От имени правительства его принял Тохтага Узбег. Позади своего президента собралась небольшая толпа обитателей Троемордвия, народные комиссары, дембели, беженцы и шаманы вместе с вступившими в совхоз пастухами и животноводами. Все разглядывали солдата, который с виду был упертым малым, и тот не мигая встречал их взгляды, хотя был, надо думать, обессилен неделями путешествия, полярных, химерических холодов и голода.
– Остаток отряда загрызли волки, – объяснил солдат. – Мы шли кое-кого арестовать.

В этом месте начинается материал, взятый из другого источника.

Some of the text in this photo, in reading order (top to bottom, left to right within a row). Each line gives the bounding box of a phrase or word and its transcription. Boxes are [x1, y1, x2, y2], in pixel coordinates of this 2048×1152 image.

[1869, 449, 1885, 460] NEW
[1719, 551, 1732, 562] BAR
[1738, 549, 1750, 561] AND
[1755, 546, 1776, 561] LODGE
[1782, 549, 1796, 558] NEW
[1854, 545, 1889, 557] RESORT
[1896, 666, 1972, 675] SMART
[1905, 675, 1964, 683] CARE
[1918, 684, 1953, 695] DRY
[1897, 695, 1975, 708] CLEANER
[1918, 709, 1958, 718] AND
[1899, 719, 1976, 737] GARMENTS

Остальные мертвы. Теперь мировую революцию представляю здесь я.
– Хорошо, – сказал Узбег.
– Сопротивление бесполезно, – сказал солдат. – Передайте разыскиваемое нами лицо в мое распоряжение.
Народные комиссары прыснули со смеху.
– Кого ты ищешь? – спросил Тохтага Узбег с любезной улыбкой, поскольку дерзость и храбрость солдата невольно вызывали восхищение.

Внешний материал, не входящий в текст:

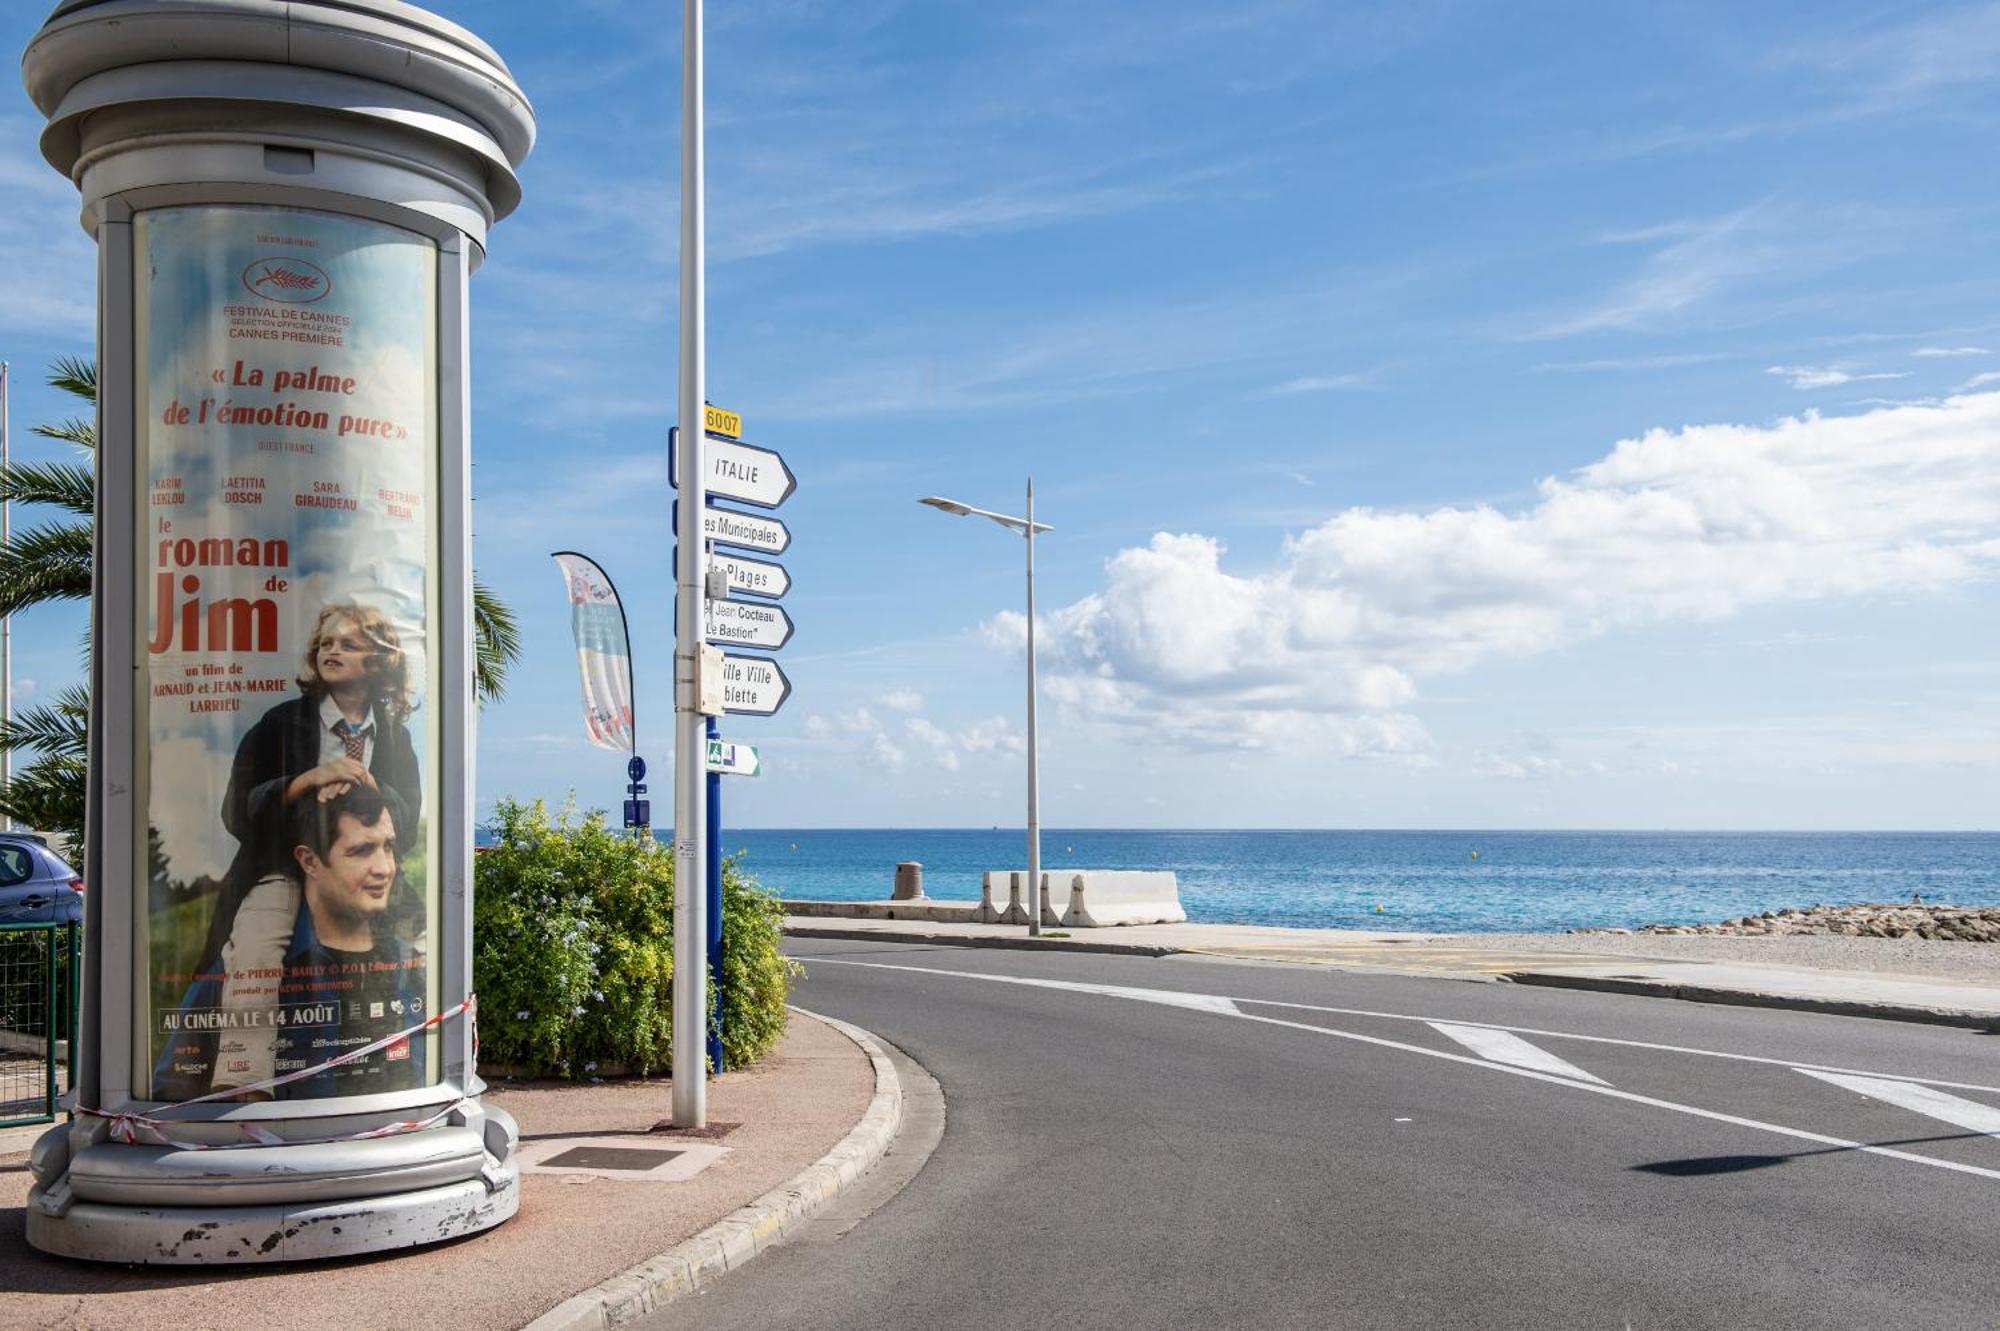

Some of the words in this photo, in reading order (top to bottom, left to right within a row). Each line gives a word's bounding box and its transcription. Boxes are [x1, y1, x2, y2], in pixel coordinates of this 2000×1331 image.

[224, 305, 279, 319] FESTIVAL
[281, 309, 298, 320] DE
[300, 311, 350, 326] CANNES
[229, 328, 279, 340] CANNES
[233, 360, 264, 387] La
[272, 366, 356, 395] palme
[164, 400, 191, 426] de
[706, 410, 739, 433] 6007
[715, 458, 759, 483] ITALIE
[155, 478, 182, 489] KARIM
[221, 477, 266, 489] LAETITIA
[313, 480, 341, 494] SARA
[152, 491, 185, 505] LEKLOU
[225, 492, 263, 505] DOSCH
[295, 495, 358, 513] GIRAUDEAU
[158, 516, 172, 534] le
[705, 518, 716, 532] es
[718, 516, 777, 544] Municipales
[158, 538, 289, 567] roman
[265, 575, 288, 592] de
[148, 572, 278, 654] Jim
[738, 606, 774, 622] Cocteau
[185, 666, 199, 676] un
[202, 663, 224, 676] film
[229, 663, 243, 675] de
[723, 663, 741, 681] ille
[747, 666, 772, 684] Ville
[153, 685, 194, 697] ARNAUD
[198, 684, 208, 694] et
[212, 679, 287, 693] JEAN-MARIE
[190, 700, 240, 713] LARRIEU
[163, 1014, 180, 1030] AU
[184, 1009, 238, 1030] CINÉMA
[243, 1012, 259, 1027] LE
[268, 1010, 287, 1025] 14
[293, 1004, 335, 1024] AOÛT

– У меня мандат, – сказал тот.
– Покажи, – сказал Узбег.
Солдату понадобилось немало времени, чтобы извлечь листок бумаги, который он хранил под исподним отрепьем. Его движениям недоставало силы. Он был искусан хищниками, и раны при малейшей оказии открывались, было видно, как он борется с головокружением и усталостью. Солдат протянул документ Узбегу.
– Передайте мне заключенную, – сказал он.
Тохтага Узбег развернул бумагу. Это был ордер на арест, выданный Отделом 44В Революционной законности. На нем стояло множество печатей и очень разборчивая подпись Джесси Лоо.
– Ордер не заполнен, – заметил Узбег.
– Заполнить его был уполномочен наш командир, – сказал солдат. – Но его растерзали. А сегодня утром я сообразил, что мне нечем писать. И к тому же меня укусили в руку, мне уже не заполнить официальные документы. Ты умеешь писать?
– Да, – сказал Узбег.
– Тогда пиши, – приказал солдат. – Внеси имя туда, где оставлена пустая строка.
– Какое имя? – сказал Узбег.
– Не знаю, – сказал солдат.
Народные комиссары вновь разразились хохотом. Смеялись все, кроме Тохтаги Узбега и солдата.
– Командир не посвящал нас в свои тайны, – сказал солдат. – Он доверил мне бумагу, когда волки взяли нас в кольцо. Они уже вгрызались ему в горло. Он не мог ничего вымолвить. Подал мне знак и умер.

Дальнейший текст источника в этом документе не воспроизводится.